But, convincingly, shouldn’t it be the other way around?
A Near glimpse at the Contemporary Healthcare Paradox
Originally published by Being well on Medium
It is not a surreptitious truth that anyone who pursues a professional life must dedicate part, if not all, of their lifespan to learning the required skills—moreover, pronounced, valid to those seeking the medical profession. Long lore periods, sleepless nights, and stressful days are very well known to every medical doctor. That does not only hold in the United States but is also valid across the globe. That is why the medical profession is considered a lifestyle more so than just a career. It is the lifetime investment of every physician. It is precisely based on the latter fact that most medical doctors, by omission, only know in what they have invested their lives!
Indeed, some physicians may step out of their comfort zone and pursue alternate avenues to adapt to their ever-changing domain, i.e., the Healthcare industry. However, the majority take a passive stance, particularly regarding the information technology of their industry.
Physicians working like Robots
Experts in every industry logically and by virtue have taken control of the leadership within their respective domains. They have harnessed the best technology they can offer to their needs by taking the lead on business requirements, design validation, and quality assurance.
Unfortunately, we cannot say the same for physicians. Health information technology is currently driving the physician practice route towards an unfamiliar sphere. Information technology and its contributors are merely dictating how physicians must practice and how much they should earn. In other words, the value of their work is not decided between them and the patient but merely determined by data analysts’ algorithms. The 21st-century physicians are the disciples of mathematical algorithms. Working like a Robot is the expected attitude of physicians in developing countries today.
Physicians, by nature, are skilled craft persons. They are pretentious of their capacity to customize the care for each of their patients. But Peculiarly, they can be reluctant to simplify their efforts or more error-proof if doing so jeopardizes this artistic part. Physicians are also the right analytical sages and use these skills in their regular practice. When an idea for change surfaces, they are adept at what De Bono calls “black hat thinking,” an intellectual style that emphasizes the solution set’s criticisms. This style is helpful, but it will smother innovation and change if it governs every meeting.
The Black hat attitude’s ultimate consequence has not worked in their interest. It has created a vacuum for other industry leaders, information, and the insurance industry, significantly disrupting the healthcare domain. Doing so has uttered physicians’ taking a follower stance rather than a leadership role, just if physicians should assume the pre-programmed algorithms.

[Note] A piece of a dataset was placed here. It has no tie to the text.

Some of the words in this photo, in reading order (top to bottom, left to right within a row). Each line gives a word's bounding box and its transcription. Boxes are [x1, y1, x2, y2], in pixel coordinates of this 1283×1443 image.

Physicians working for Robots
Health information, too big data have been the pinnacle of developing healthcare technology. The development is more vertical than the healthcare community can keep up with, establishing a chasm that facilitates makeshift scrutiny and nooks in the healthcare vacuum. The adeptness of deciphering information into the proper diagnosis and furnishing the corresponding treatment alternative is every day for all physicians. It implicates huddling the pertinent data for each patient, integrating it with pre-existing knowledge, constructing a clinical judgment, and inciting the most suitable treatment according to the patient’s expectations and needs. The clinical assessment pertains to the decision-making process, likewise called clinical reasoning. It allows clinicians to reach a clinical conclusion on treating a disease in an individual patient contingent on objective findings and collected subjective patient understandings. Today, data industries are contemplating strategies to replace or, at the very least, replicate physician clinical practice.

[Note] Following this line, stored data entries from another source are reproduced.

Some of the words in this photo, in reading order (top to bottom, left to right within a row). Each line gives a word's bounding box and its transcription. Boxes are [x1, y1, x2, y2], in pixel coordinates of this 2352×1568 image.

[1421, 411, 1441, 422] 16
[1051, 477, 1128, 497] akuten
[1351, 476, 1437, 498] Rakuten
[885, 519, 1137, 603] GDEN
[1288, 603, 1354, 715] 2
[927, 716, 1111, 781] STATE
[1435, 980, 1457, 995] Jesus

Artificial Intelligence needs an algorithm to diagnose, just like a physician needs medical knowledge. Developments in modern data analytics and computational leverage grant the recourse to obtain new insight and transport data along with subsidized value to clinical practice in real-time. Such systems are denominated as “Clinical Decision Support” (CDS).
The Computer doesn’t go to Medical School. Still, with the inception of new machine learning facilities, unstructured data is becoming more than ever convenient, particularly with the esteem to shadow learning of physician clinical judgment by the deep learning gadgets. Therefore, amidst physicians opting to be followers, it is essential to realize that they work like robots. Nonetheless, they are working for them as the instrument of in-depth learning education.

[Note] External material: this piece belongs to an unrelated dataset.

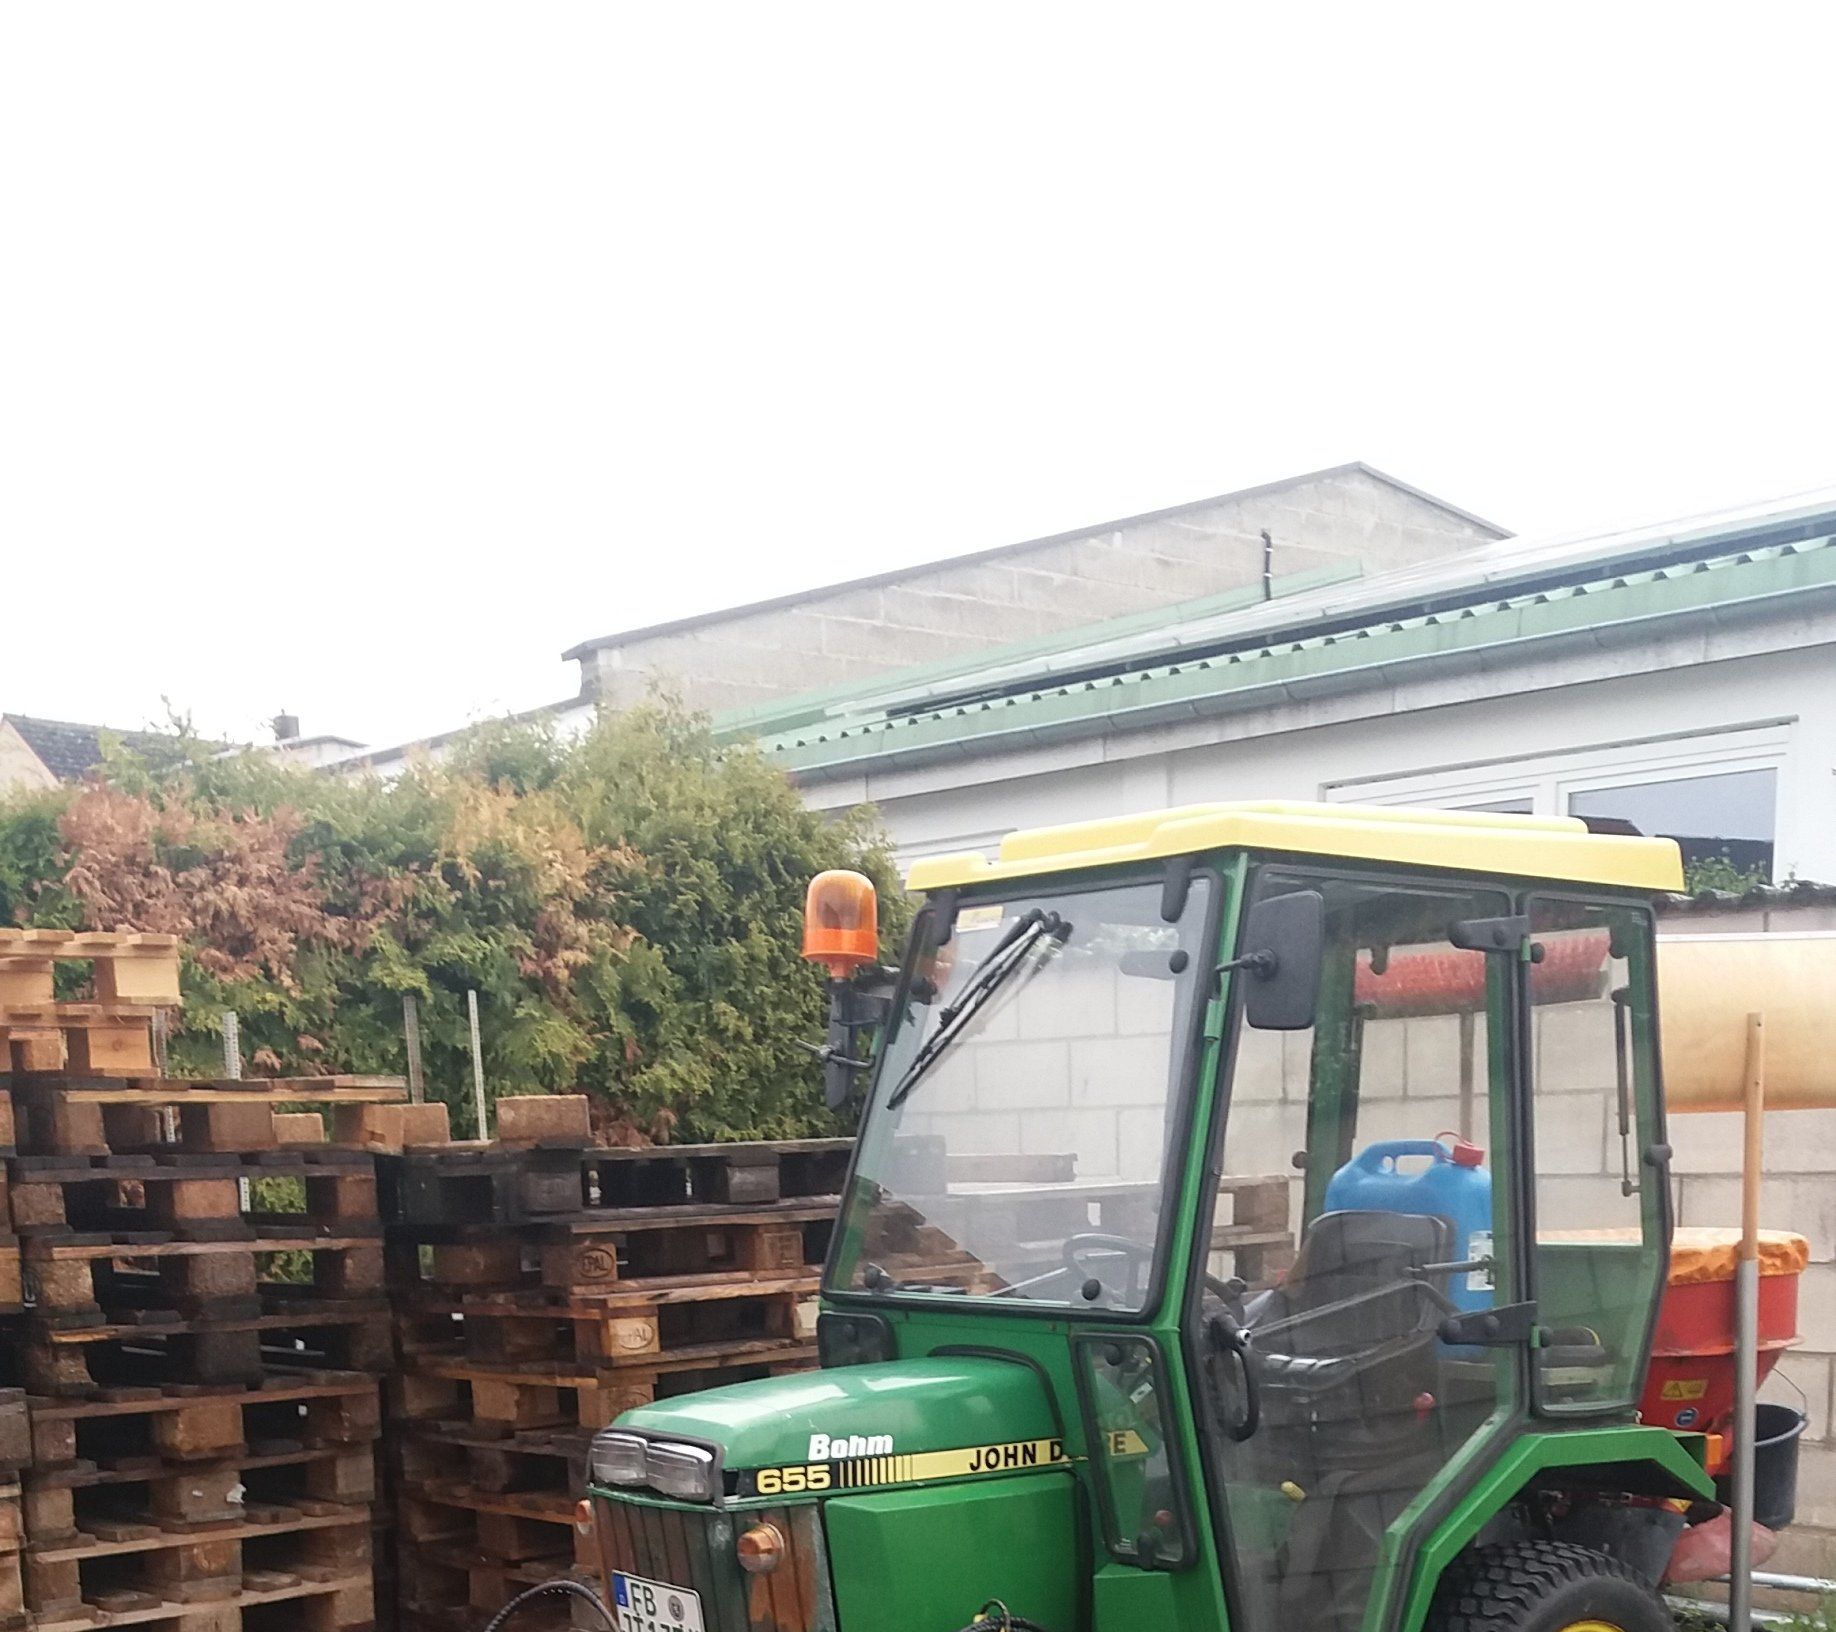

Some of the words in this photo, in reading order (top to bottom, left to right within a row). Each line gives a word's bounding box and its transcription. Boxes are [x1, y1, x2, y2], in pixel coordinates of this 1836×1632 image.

Robots working for Physicians
Healthcare sentiments need to change!
A medical practice requires a meaningful transition from one hundred percent unyielding applied a science-based remedy to the domain of compassion that inundates the fairest of all scientific and technological inventions within the confines of its core integrity. Medical science is about recipes to the patient as individuals and not rectifying a set of query outcomes and procedures. Technological innovations such as Data Analytics, Pharma, imaging, biotechnologies are merely complementary scientific grounds to medicine, not vice versa. Medicine is the science schooled between a physician and one patient. That contrasts to something cultivating a cookie-cutter medicine that the traditional population health and overreliance on technology would offer. In the present epoch, technology has become a part of human existence. It can bring about comfort to our lives and deliver safety and efficiency to our patients. But we will be leading the way to tragic outcomes if the technology cannot be governed or adapted by the industry professionals. Thus, technology has to be expanded under the Oversight of Industry Experts, constructed to simplify life for patients and clinicians alike. But never should be for any reason diverse.